ACTION ITEM
Set down all of the entries precisely as they were written.
= = = =
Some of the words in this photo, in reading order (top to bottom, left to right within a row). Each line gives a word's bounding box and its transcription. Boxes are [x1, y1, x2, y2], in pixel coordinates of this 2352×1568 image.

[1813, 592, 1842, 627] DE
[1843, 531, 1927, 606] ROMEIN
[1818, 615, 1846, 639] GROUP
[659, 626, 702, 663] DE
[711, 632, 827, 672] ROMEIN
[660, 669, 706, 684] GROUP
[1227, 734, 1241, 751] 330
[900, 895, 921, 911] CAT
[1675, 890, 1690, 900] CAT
= = = =
SOLUTION TO THE PROBLEM
Some of the words in this photo, in reading order (top to bottom, left to right within a row). Each line gives a word's bounding box and its transcription. Boxes are [x1, y1, x2, y2], in pixel coordinates of this 2352×1568 image.

[1813, 592, 1842, 627] DE
[1843, 531, 1927, 606] ROMEIN
[1818, 615, 1846, 639] GROUP
[659, 626, 702, 663] DE
[711, 632, 827, 672] ROMEIN
[660, 669, 706, 684] GROUP
[1227, 734, 1241, 751] 330
[900, 895, 921, 911] CAT
[1675, 890, 1690, 900] CAT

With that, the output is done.